Measurement done right helps organizations make smart decisions about the choices they face – rather than simply relying on anecdote or intuition. To paraphrase the well-known management consultant Peter Drucker: what you measure, you can improve. It’s an axiom we try to live by when it comes to safety and security at Facebook.
We built Facebook to be a place where people can openly discuss different ideas, even ideas that some people may find controversial or offensive. But we also want to make sure our service is safe for everyone. Sometimes that is a hard balance to strike.
Last month, for the first time, we published the guidelines our review team uses to decide what stays up and what comes down on Facebook. And today, again for the first time, we’re sharing the data we use internally to measure our effectiveness in enforcing these standards. It’s work in progress – and we will likely change our methodology over time as we learn more about what’s important, and what works.
Today’s report gives you a detailed description of our internal processes and data methodology. It’s an attempt to open up about how Facebook is doing at removing bad content from our site, so you can be the judge. And it’s designed to make it easy for scholars, policymakers and community groups to give us feedback so that we can do better over time.

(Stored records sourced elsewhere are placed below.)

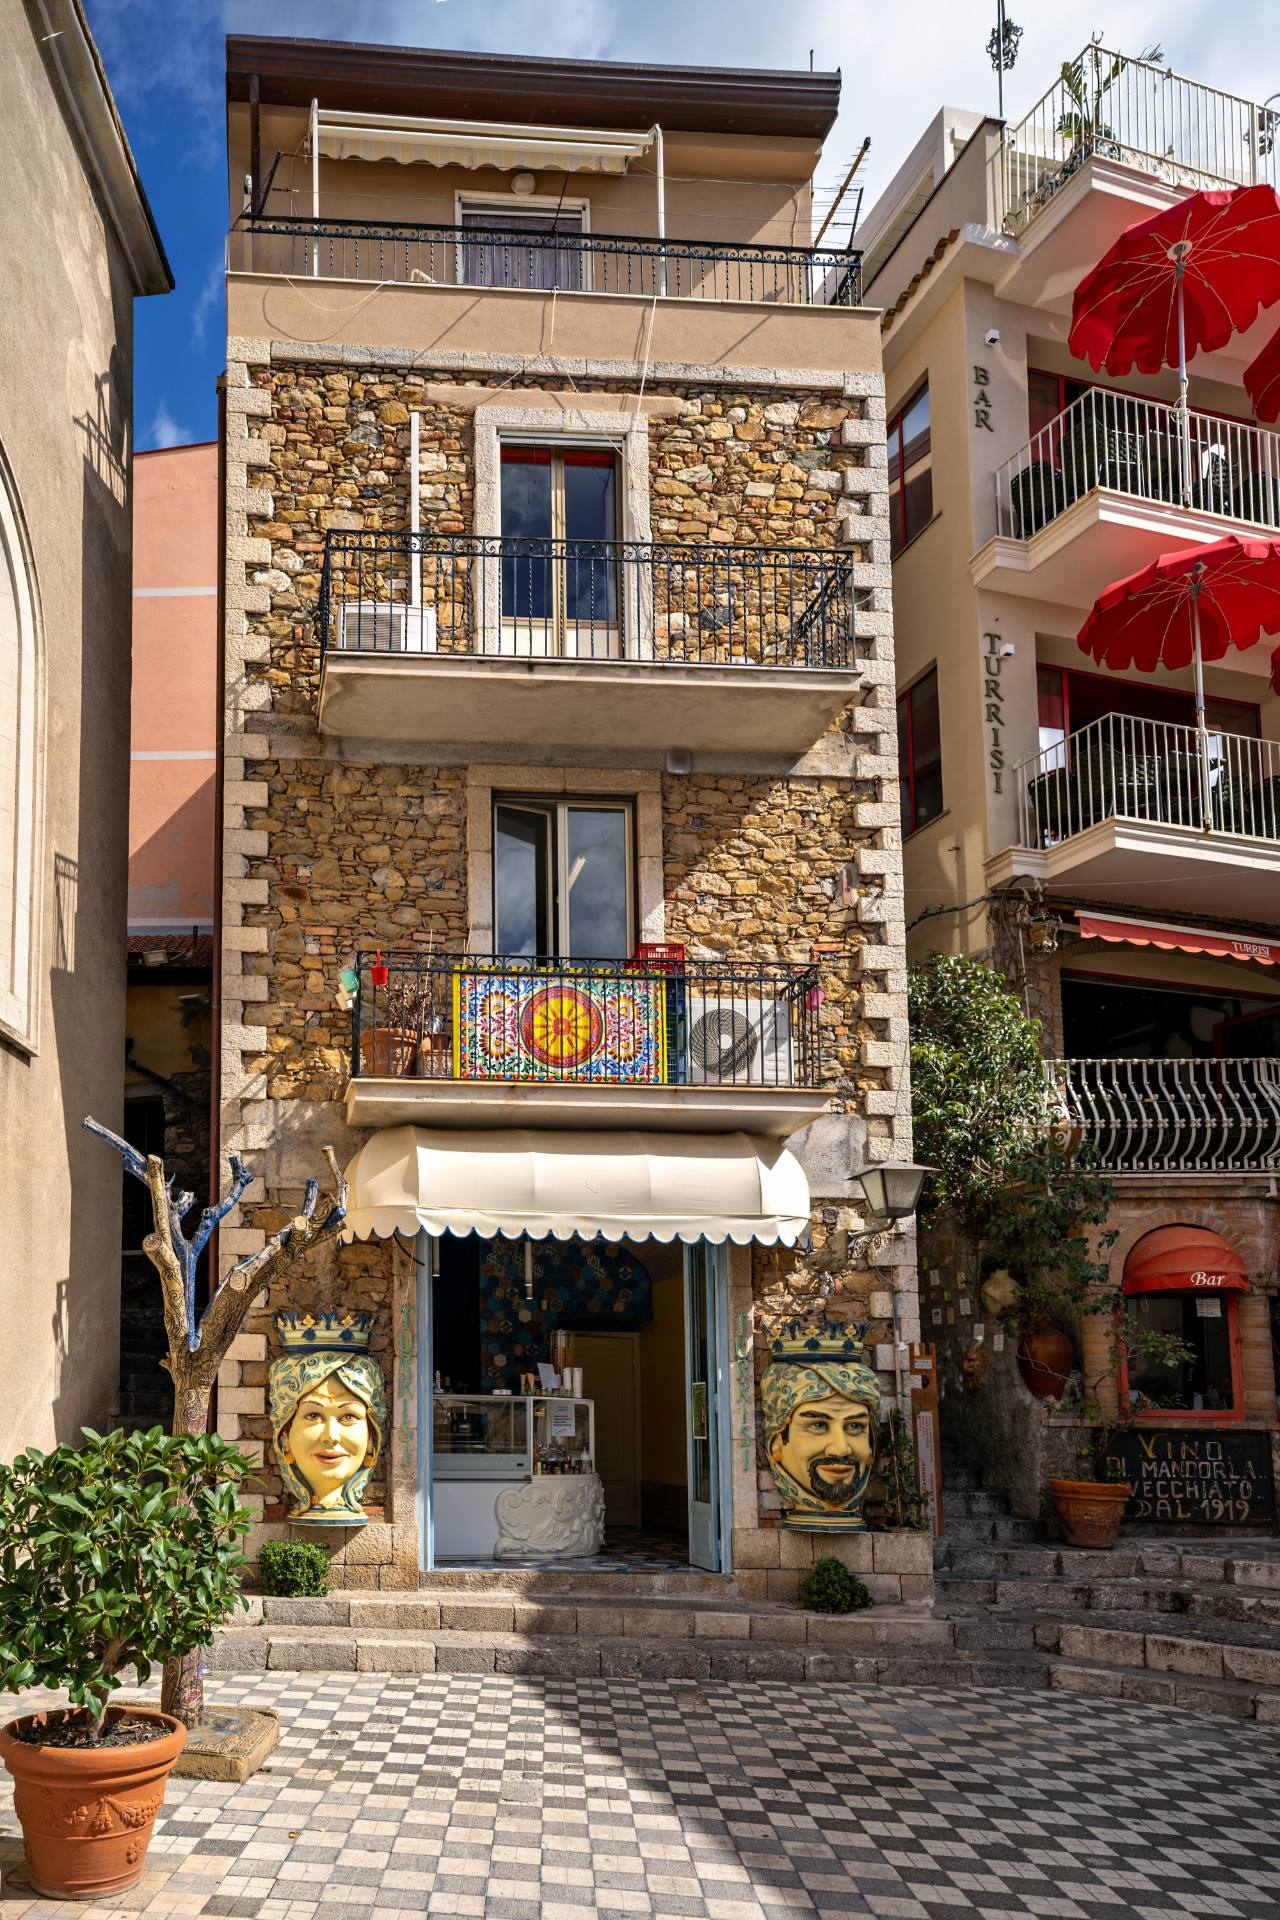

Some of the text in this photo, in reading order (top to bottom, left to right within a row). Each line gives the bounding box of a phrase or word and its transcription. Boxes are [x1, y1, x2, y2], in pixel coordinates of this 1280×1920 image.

[973, 365, 994, 433] BAR
[982, 632, 1005, 794] TURRISI
[1231, 941, 1270, 957] TURRISI
[1190, 1271, 1226, 1287] Bar
[398, 1304, 415, 1468] TURRISI
[735, 1311, 752, 1473] TURRISI

We can’t change the fact that people will always try to post bad things on Facebook – whether it is hate speech, terrorist propaganda or images that exploit children. But we can try to control how many times content that violates our Community Standards is seen. As the head of data analytics, I lead the team that is responsible for measuring our work in this area, so the company can better understand how effective we are at enforcing our policies.

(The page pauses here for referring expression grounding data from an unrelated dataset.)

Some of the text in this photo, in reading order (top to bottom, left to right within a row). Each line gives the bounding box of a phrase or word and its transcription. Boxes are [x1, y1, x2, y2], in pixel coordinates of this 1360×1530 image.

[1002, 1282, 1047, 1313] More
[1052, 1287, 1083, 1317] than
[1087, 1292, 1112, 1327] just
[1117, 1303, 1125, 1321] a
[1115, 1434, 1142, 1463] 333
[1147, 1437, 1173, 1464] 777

The most important measure we use is impact: the harm any piece of bad content has when it’s posted on Facebook. Our conceptual formula for looking at that is pretty straightforward. We measure both how often the content is seen (“views”) and how severe the impact of each view is on the people who see it as well as the broader community:
Total impact = views of violating content x impact of violating content per view
Views are relatively easy to count. We simply measure the number of times people see something. But it’s much harder to gauge impact accurately. For example, how negatively impacted is someone who sees hate speech versus someone who sees graphic violence? And what’s the percentage difference? How do you compare the severity of terrorist propaganda to images of children being sexually abused?
The answer is we can’t numerically compare their impact. But we can categorize and prioritize these different types of harm. And yes, you’re probably thinking that’s going to be subjective. And you’re right there is an element of subjectivity involved in how we do this. But prioritization helps us devote resources most quickly to the content we find most imminently dangerous.
Here’s an example. Suppose someone posts a naked image on Facebook. That’s against our policies and we would work to remove it. In fact, our nudity filters are very effective now. But suppose that image was posted by a man seeking revenge on the woman who broke up with him? We would consider that to have a greater negative impact and we would escalate it in our removals queue – somewhat like triage in an emergency room. Every patient matters. But the most critical cases go first.
How Often is Bad Content Seen on Facebook?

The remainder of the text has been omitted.